JAKARTA- Microsoft tengah dilanda berita miring soal tindak pelecehan dan diskriminasi. Hal tersebut bermula dari rantai email internal yang terkuak oleh Media Quartz.
Dilansir dari laman Androit Pit, Minggu (7/4/2019) rantai pesan tersebut menggambarkan serangkaian tindakan diskriminasi dan pelecehan seksual yang dialami oleh pegawai perempuan di Microsoft.
Lebih lanjut, tuduhan dalam rantai email mencakup masalah yang banyak dianggap tipikal dalam industri teknologi, seperti kurangnya promosi dan perlakuan tidak adil terhadap karyawan dari kelompok yang kurang terwakili.

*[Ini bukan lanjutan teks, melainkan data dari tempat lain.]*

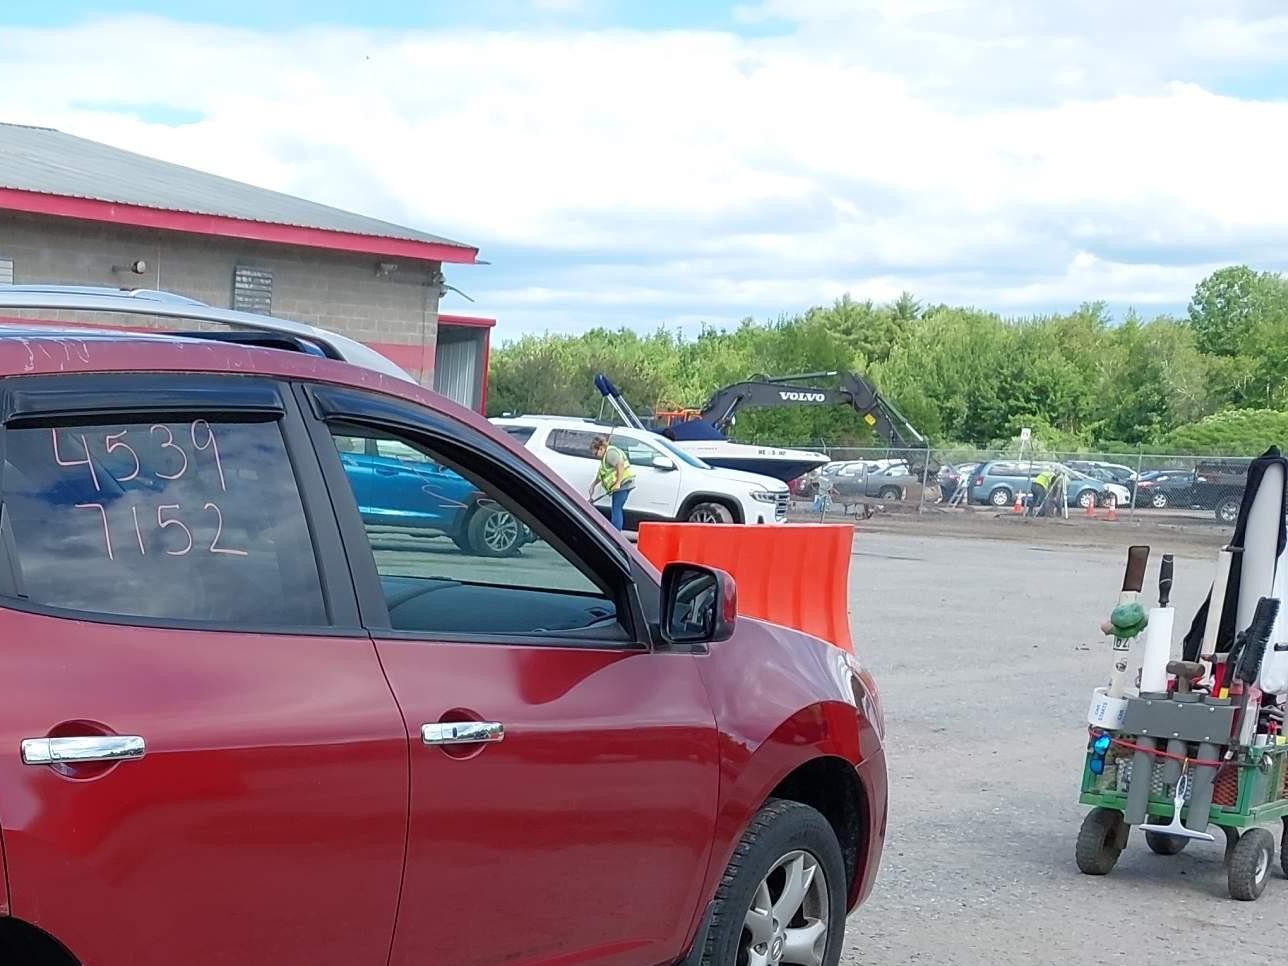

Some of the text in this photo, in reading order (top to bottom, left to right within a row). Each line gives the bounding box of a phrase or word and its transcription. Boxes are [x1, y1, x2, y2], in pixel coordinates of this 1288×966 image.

[779, 391, 825, 402] VOLVO
[52, 418, 226, 492] 4539
[74, 503, 249, 561] 7152

Tetapi beberapa tuduhan melangkah lebih jauh, bahkan seorang karyawan perusahaan yang terkait dengan Microsoft menjawab rantai surat yang menyatakan bahwa dia telah diminta dua kali untuk duduk di pangkuan orang lain selama pertemuan di mana departemen sumber daya manusia dan manajer lain juga hadir.
Parahnya lagi, karyawan Microsoft lainnya mengklaim bahwa seorang pekerja dari perusahaan asosiasi mengancam akan membunuhnya jika dia tidak berhubungan seks dengannya selama perjalanan bisnis.